Work order |
Copy all records precisely, apart from the pictures.

(Records drawn from a dataset)
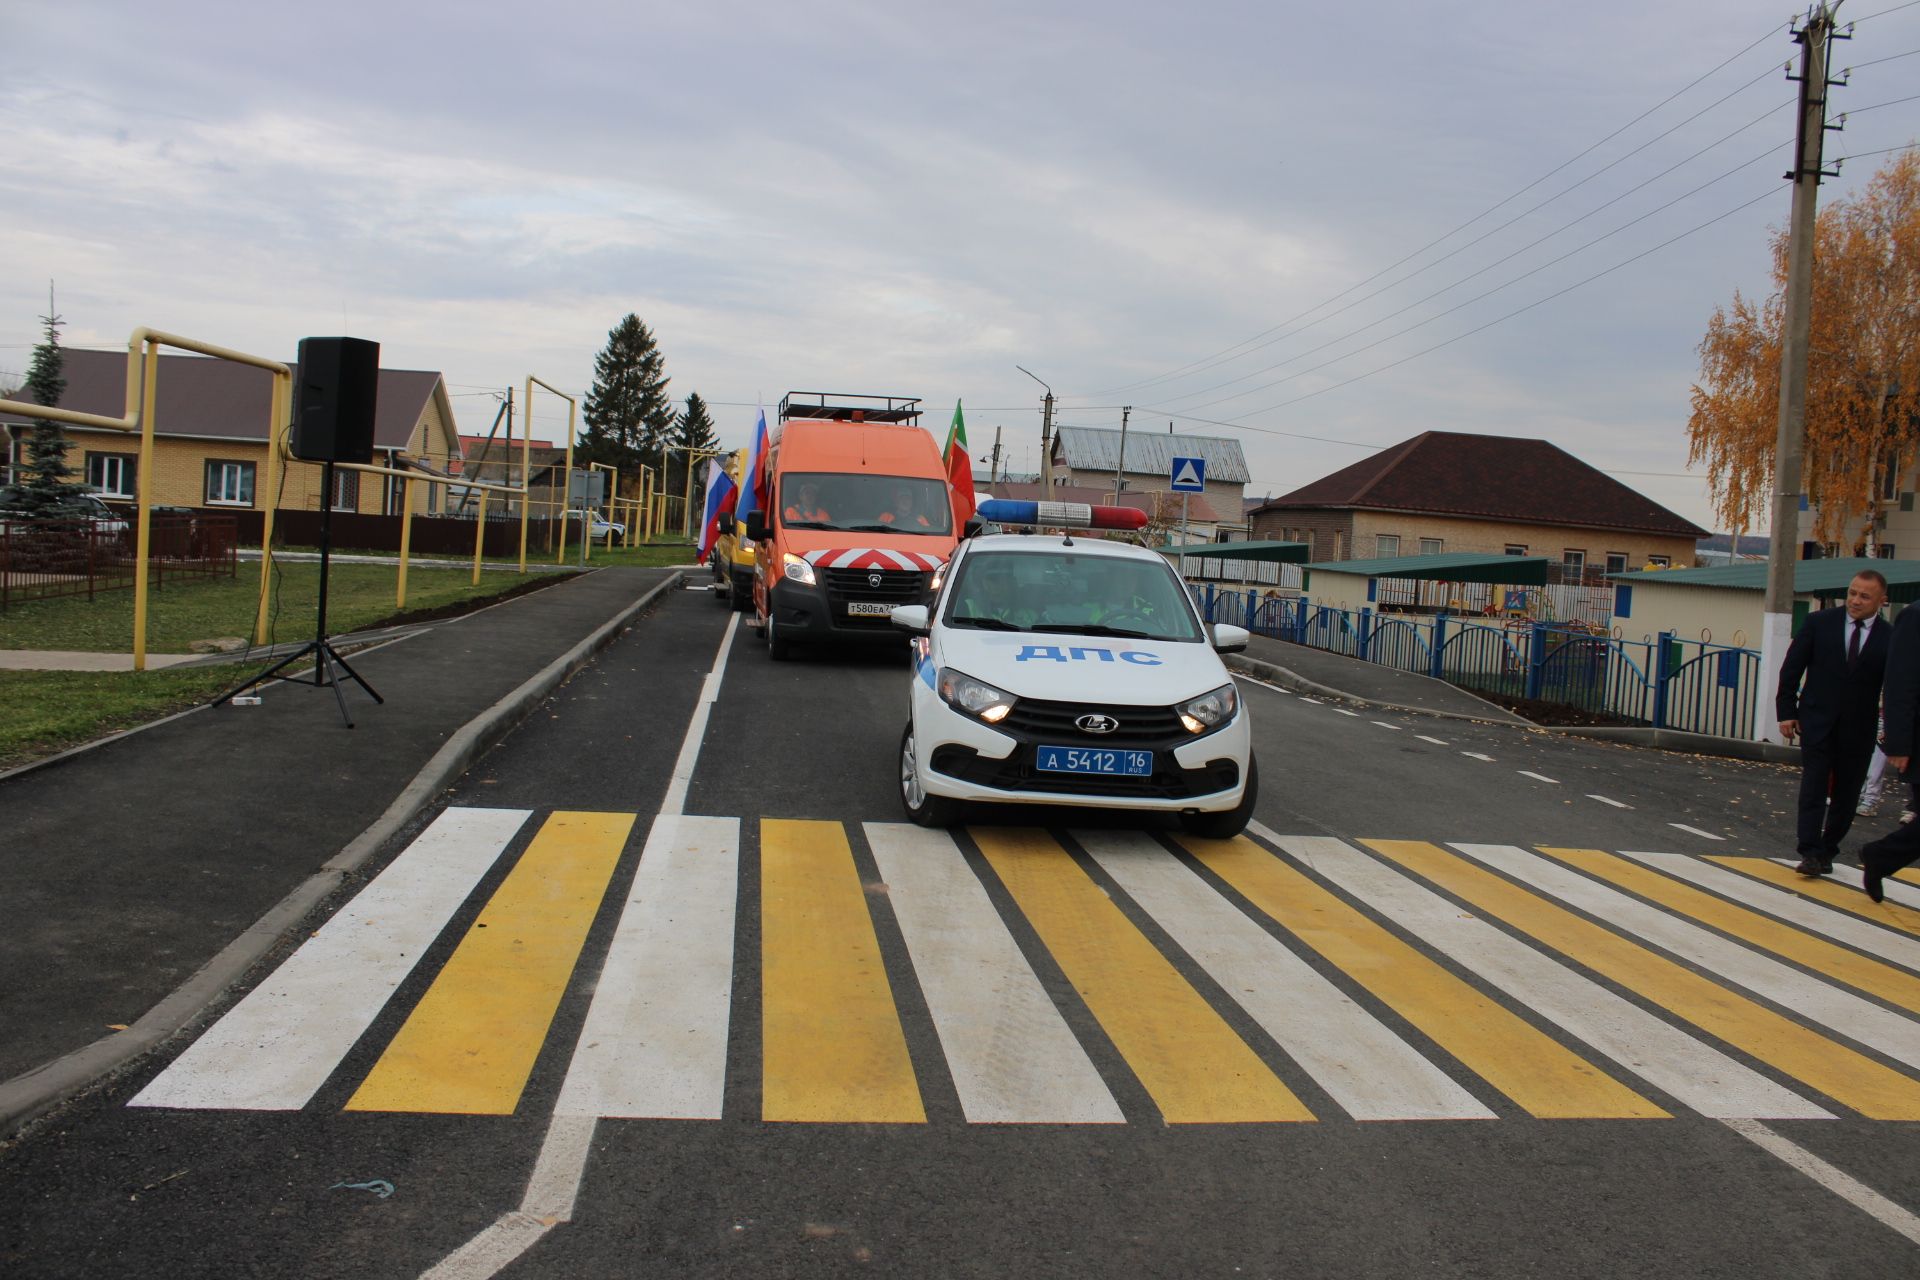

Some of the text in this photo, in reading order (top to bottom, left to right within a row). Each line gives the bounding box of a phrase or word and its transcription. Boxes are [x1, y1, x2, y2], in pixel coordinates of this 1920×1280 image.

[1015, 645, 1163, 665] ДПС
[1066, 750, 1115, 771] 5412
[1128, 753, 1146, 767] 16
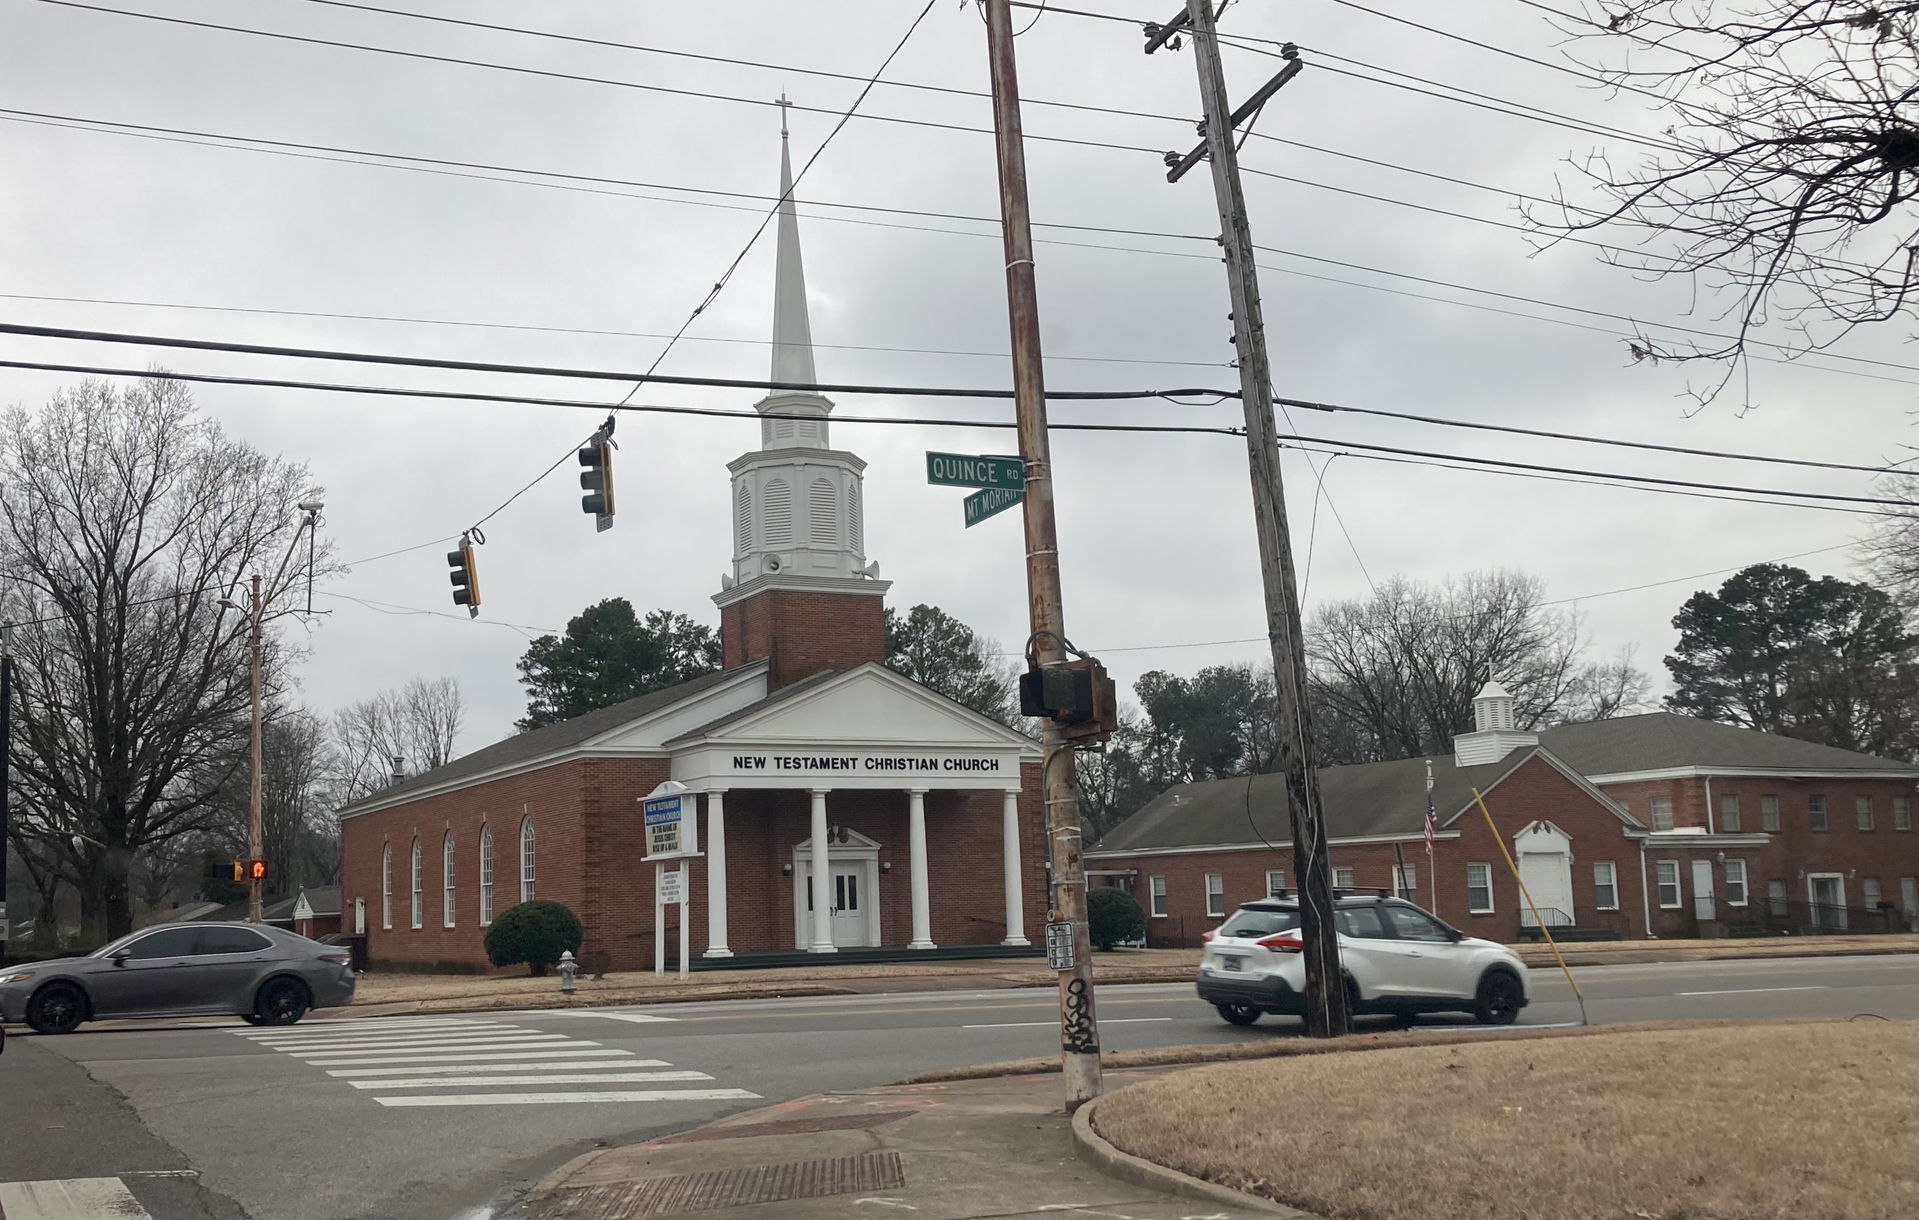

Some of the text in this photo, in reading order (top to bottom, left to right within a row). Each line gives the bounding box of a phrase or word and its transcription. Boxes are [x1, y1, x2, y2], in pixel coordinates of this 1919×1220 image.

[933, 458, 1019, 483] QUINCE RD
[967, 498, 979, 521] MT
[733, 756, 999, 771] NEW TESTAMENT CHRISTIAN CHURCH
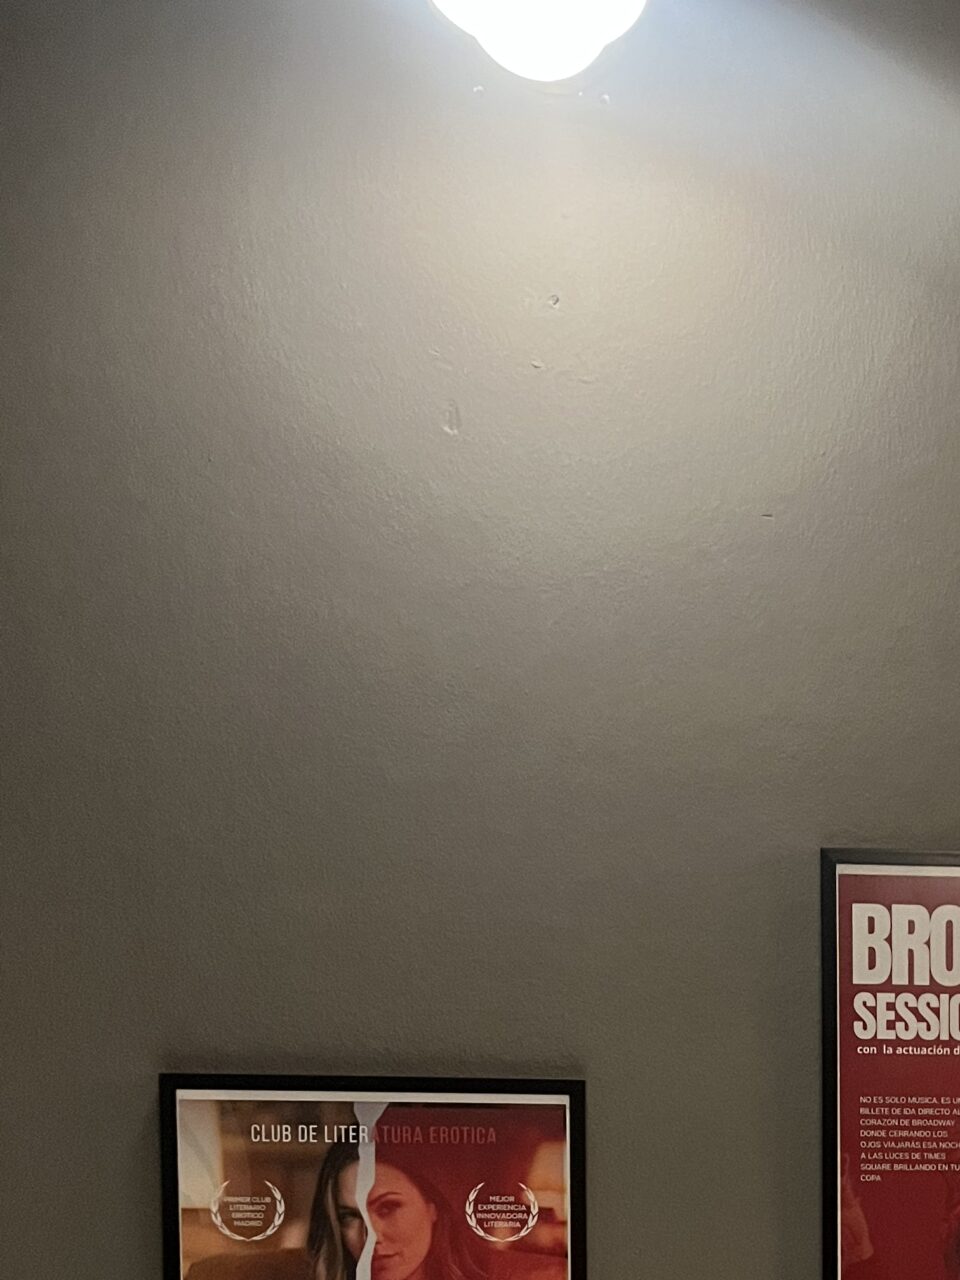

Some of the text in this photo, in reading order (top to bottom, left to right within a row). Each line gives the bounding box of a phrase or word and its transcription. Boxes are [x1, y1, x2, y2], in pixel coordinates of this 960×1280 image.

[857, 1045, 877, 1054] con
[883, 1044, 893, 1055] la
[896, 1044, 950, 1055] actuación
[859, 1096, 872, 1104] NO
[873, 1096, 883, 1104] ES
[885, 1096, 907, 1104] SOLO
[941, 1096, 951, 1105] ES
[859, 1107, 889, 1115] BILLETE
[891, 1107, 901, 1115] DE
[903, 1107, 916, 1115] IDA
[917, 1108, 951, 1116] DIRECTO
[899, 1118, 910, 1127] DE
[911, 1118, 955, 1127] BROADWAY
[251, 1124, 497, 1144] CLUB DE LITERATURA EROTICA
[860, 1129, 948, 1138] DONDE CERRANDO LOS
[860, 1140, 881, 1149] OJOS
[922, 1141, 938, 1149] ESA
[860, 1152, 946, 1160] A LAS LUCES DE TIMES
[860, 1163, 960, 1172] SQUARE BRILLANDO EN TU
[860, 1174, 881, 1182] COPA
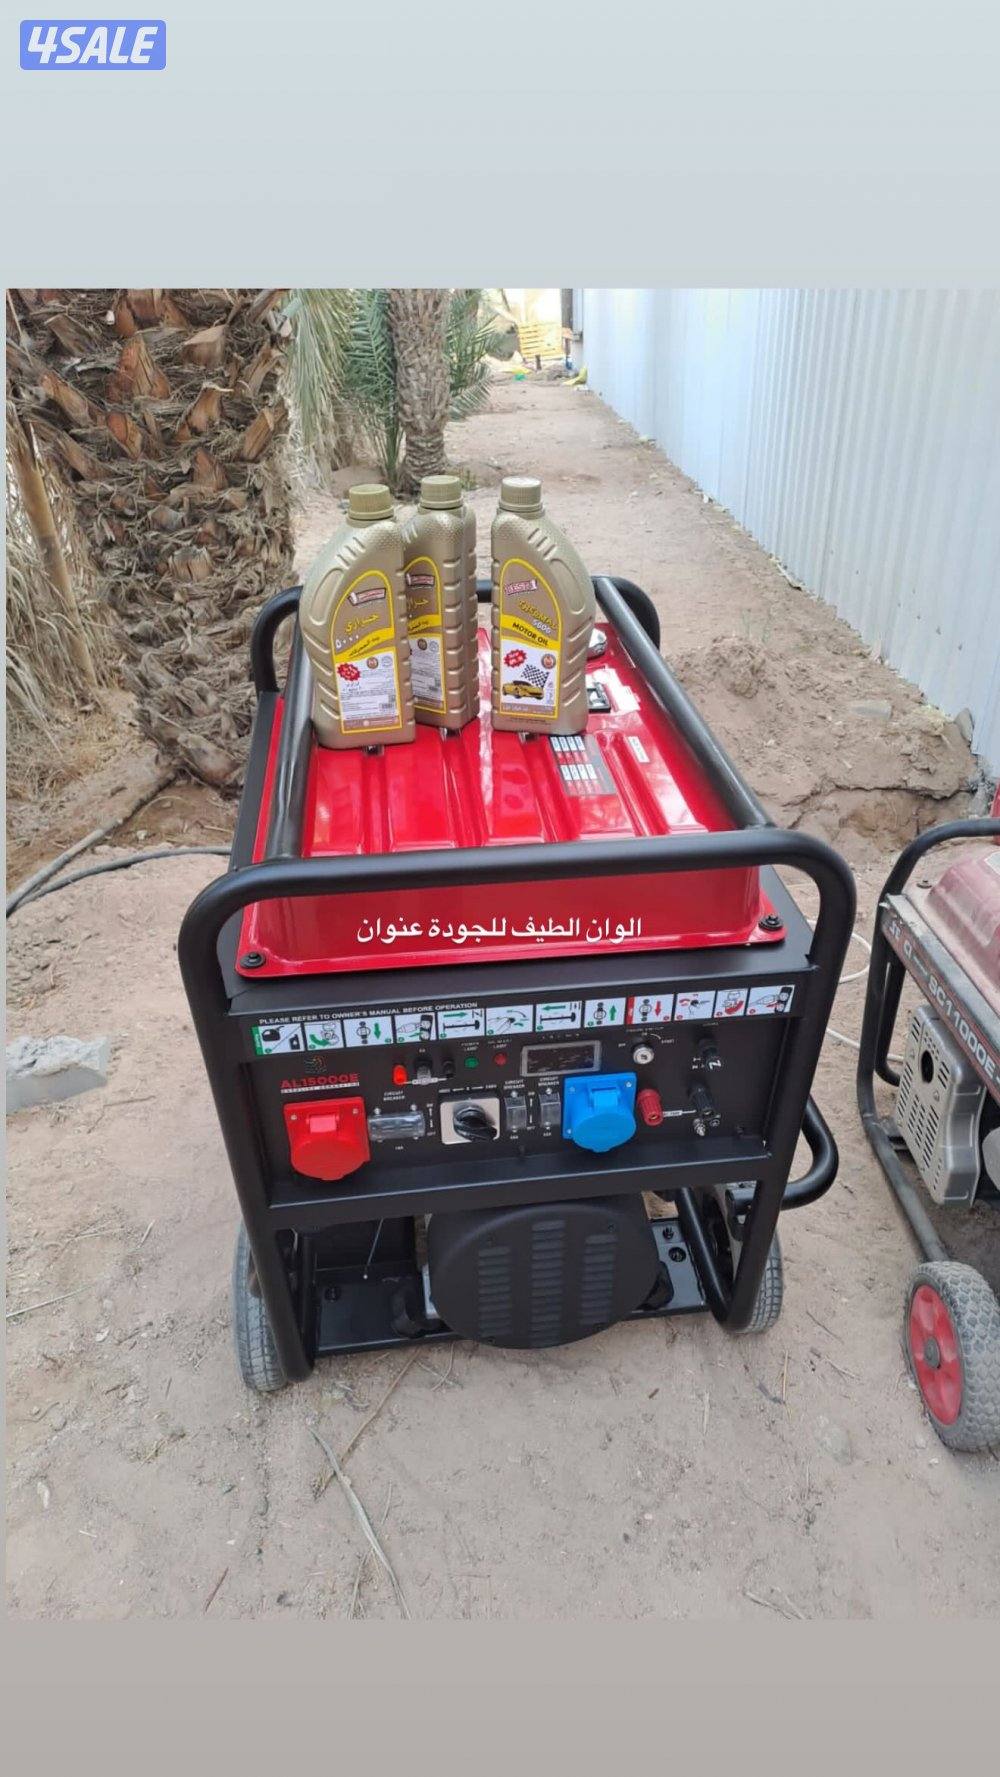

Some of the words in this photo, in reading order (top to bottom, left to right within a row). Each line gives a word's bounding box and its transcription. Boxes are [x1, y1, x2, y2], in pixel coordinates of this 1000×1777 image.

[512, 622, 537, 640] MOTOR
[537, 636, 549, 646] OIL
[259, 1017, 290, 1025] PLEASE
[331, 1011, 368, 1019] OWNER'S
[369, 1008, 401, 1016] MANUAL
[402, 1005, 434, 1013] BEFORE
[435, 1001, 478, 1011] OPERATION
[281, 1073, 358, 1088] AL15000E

Result of the exercise |
Some of the text in this photo, in reading order (top to bottom, left to right within a row). Each line gives the bounding box of a phrase or word and its transcription. Boxes are [x1, y1, x2, y2], in pixel coordinates of this 1920×1280 image.

[1015, 645, 1163, 665] ДПС
[1066, 750, 1115, 771] 5412
[1128, 753, 1146, 767] 16

Some of the text in this photo, in reading order (top to bottom, left to right within a row). Each line gives the bounding box of a phrase or word and its transcription. Boxes are [x1, y1, x2, y2], in pixel coordinates of this 1919×1220 image.

[933, 458, 1019, 483] QUINCE RD
[967, 498, 979, 521] MT
[733, 756, 999, 771] NEW TESTAMENT CHRISTIAN CHURCH

Some of the text in this photo, in reading order (top to bottom, left to right within a row). Each line gives the bounding box of a phrase or word and its transcription. Boxes are [x1, y1, x2, y2], in pixel coordinates of this 960×1280 image.

[857, 1045, 877, 1054] con
[883, 1044, 893, 1055] la
[896, 1044, 950, 1055] actuación
[859, 1096, 872, 1104] NO
[873, 1096, 883, 1104] ES
[885, 1096, 907, 1104] SOLO
[941, 1096, 951, 1105] ES
[859, 1107, 889, 1115] BILLETE
[891, 1107, 901, 1115] DE
[903, 1107, 916, 1115] IDA
[917, 1108, 951, 1116] DIRECTO
[899, 1118, 910, 1127] DE
[911, 1118, 955, 1127] BROADWAY
[251, 1124, 497, 1144] CLUB DE LITERATURA EROTICA
[860, 1129, 948, 1138] DONDE CERRANDO LOS
[860, 1140, 881, 1149] OJOS
[922, 1141, 938, 1149] ESA
[860, 1152, 946, 1160] A LAS LUCES DE TIMES
[860, 1163, 960, 1172] SQUARE BRILLANDO EN TU
[860, 1174, 881, 1182] COPA

Some of the words in this photo, in reading order (top to bottom, left to right within a row). Each line gives a word's bounding box and its transcription. Boxes are [x1, y1, x2, y2], in pixel coordinates of this 1000×1777 image.

[512, 622, 537, 640] MOTOR
[537, 636, 549, 646] OIL
[259, 1017, 290, 1025] PLEASE
[331, 1011, 368, 1019] OWNER'S
[369, 1008, 401, 1016] MANUAL
[402, 1005, 434, 1013] BEFORE
[435, 1001, 478, 1011] OPERATION
[281, 1073, 358, 1088] AL15000E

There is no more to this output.